Tinker tried not to wince as the feather touch still gave her tinges of pain. “It was just a hairline fracture. I basically slept for a week while the healing spells were running and it’s back to new.”

“With all our science, we still can’t heal a bone that fast.”

“The spell focuses magic onto the elves’ regenerative powers, puts it into hyper-drive, which is why I slept for most of the week. Also ate like a pig every time I woke up — which also meant I spent the rest of my awake time in the bathroom. It was a really annoying week.”

Lain kissed her on the forehead. “I was worried about you, ladybug. I’m glad to see you’re looking like your old self.”

“It’s the shirt.” Tinker didn’t want to go out in just a camisole so she had raided Stormsong’s bedroom again. The result was yet another of Roach’s limited editions: a hoverbike sliding sideways through a cloud of dust that spelled out “Tinker.” (She wouldn’t have borrowed it but Stormsong had pulled it over her head and grinned.)

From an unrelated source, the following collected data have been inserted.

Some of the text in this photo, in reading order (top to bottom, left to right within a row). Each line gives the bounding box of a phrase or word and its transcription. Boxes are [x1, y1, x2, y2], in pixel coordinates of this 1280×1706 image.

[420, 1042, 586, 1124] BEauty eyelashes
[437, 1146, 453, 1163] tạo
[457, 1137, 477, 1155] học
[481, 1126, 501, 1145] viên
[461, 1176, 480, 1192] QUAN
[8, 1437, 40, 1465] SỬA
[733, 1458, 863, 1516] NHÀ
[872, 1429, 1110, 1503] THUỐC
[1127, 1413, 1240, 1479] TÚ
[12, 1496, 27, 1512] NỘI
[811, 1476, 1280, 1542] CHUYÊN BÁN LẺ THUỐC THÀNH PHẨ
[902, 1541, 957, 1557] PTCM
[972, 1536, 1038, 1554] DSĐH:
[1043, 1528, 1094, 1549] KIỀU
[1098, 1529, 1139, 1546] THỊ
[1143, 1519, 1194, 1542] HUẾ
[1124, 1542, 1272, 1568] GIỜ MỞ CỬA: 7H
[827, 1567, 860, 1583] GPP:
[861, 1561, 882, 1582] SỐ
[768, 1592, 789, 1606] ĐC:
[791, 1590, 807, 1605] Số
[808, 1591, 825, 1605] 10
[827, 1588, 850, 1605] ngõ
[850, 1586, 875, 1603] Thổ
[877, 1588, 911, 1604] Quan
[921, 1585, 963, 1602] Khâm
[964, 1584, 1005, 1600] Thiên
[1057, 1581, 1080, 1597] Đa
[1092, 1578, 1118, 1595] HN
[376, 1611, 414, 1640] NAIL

Lain hugged her and then let her go. “I had a feeling that you would be coming to see me, so I made cookies and lemonade.”

#

A rifle was lying on the island of Lain’s sprawling kitchen. It was Lain’s Winchester. The twenty-two-caliber rifle was the least powerful of Lain’s guns, just a popgun when compared to her Barrett Light Fifty. Any trip into Elfhome’s virgin forest required a gun and often a flamethrower. Lain used to collect samples of Elfhome plants, kept them in quarantine for a month and then ship them to Earth during Shutdown.

“Are you going out?” Tinker sighed as she realized that Pony and Stormsong had drifted between her and Lain. She wanted to smack them for acting suspicious of Lain. In truth, though, she couldn’t entirely blame them. They had been there when Lain finally admitted the truth. They had seen how badly Tinker lost it. They knew how crazy Lain and her sister Esme — Tinker’s real biological mother — had made Tinker.

“I’ve been having a problem with groundhogs,” Lain took a pitcher of lemonade out of the refrigerator and set it beside the rifle, making the sekasha twitch. “I expanded my outside beds and planted them all with keva beans. The damn rodents act like I set up a feeding trough.”

Since Lain didn’t need the rifle for anything life threatening, Tinker picked it up and carried it to the gun rack in the center hallway. The Barrett Light Fifty was missing. The big gun was protection against the giant reptilian saurus; it was extreme overkill for groundhogs. What was Lain thinking? “Why aren’t you using your live traps?”